Produce a verbatim transcription of the entries, with all pictures omitted.

(Extracted records)
★ ★ ★ ★
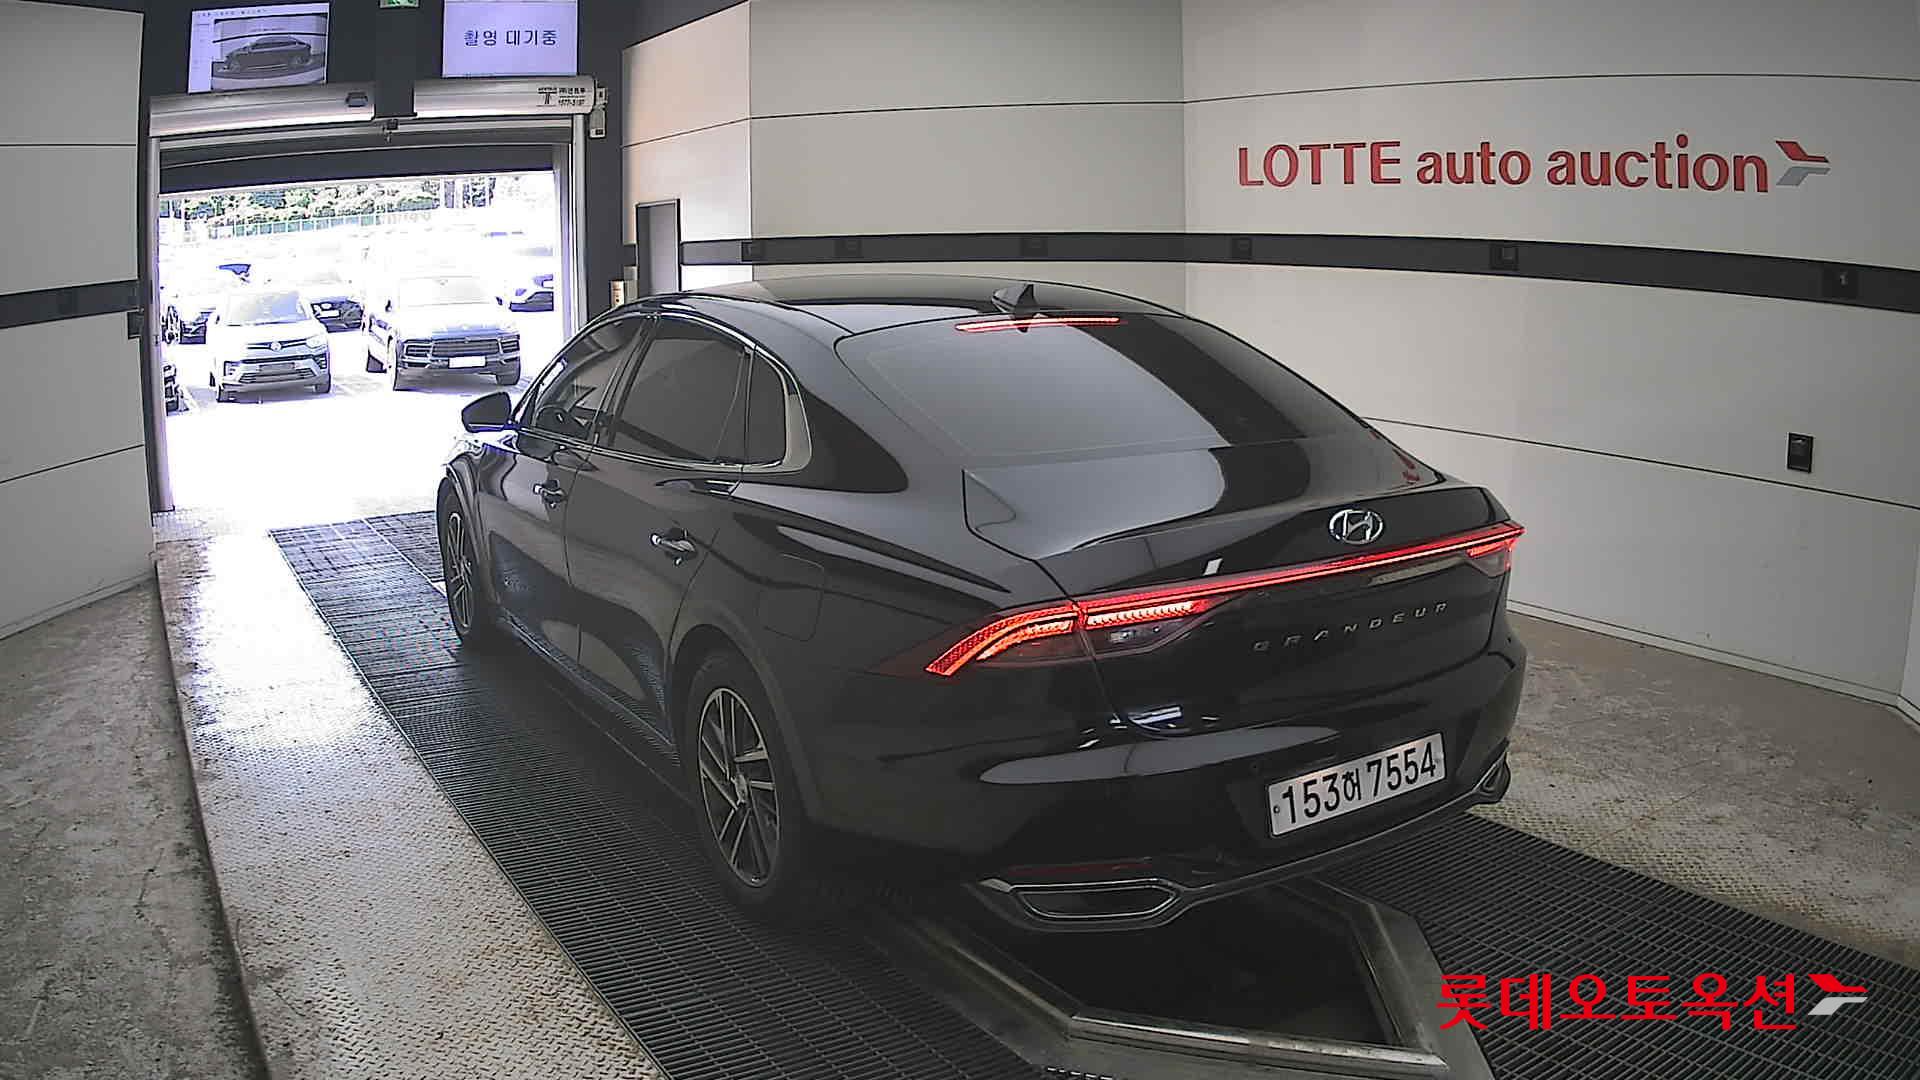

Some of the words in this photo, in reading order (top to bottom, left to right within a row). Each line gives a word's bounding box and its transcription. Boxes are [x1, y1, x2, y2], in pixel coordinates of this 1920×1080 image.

[506, 30, 557, 46] 대기중
[1238, 141, 1401, 187] LOTTE
[1416, 141, 1531, 186] auto
[1547, 132, 1769, 193] auction
[1252, 601, 1448, 652] GRANDEUR
[1281, 768, 1362, 824] 153허
[1366, 741, 1437, 797] 7554
★ ★ ★ ★
## Answer to this exercise
Some of the words in this photo, in reading order (top to bottom, left to right within a row). Each line gives a word's bounding box and its transcription. Boxes are [x1, y1, x2, y2], in pixel coordinates of this 1920×1080 image.

[506, 30, 557, 46] 대기중
[1238, 141, 1401, 187] LOTTE
[1416, 141, 1531, 186] auto
[1547, 132, 1769, 193] auction
[1252, 601, 1448, 652] GRANDEUR
[1281, 768, 1362, 824] 153허
[1366, 741, 1437, 797] 7554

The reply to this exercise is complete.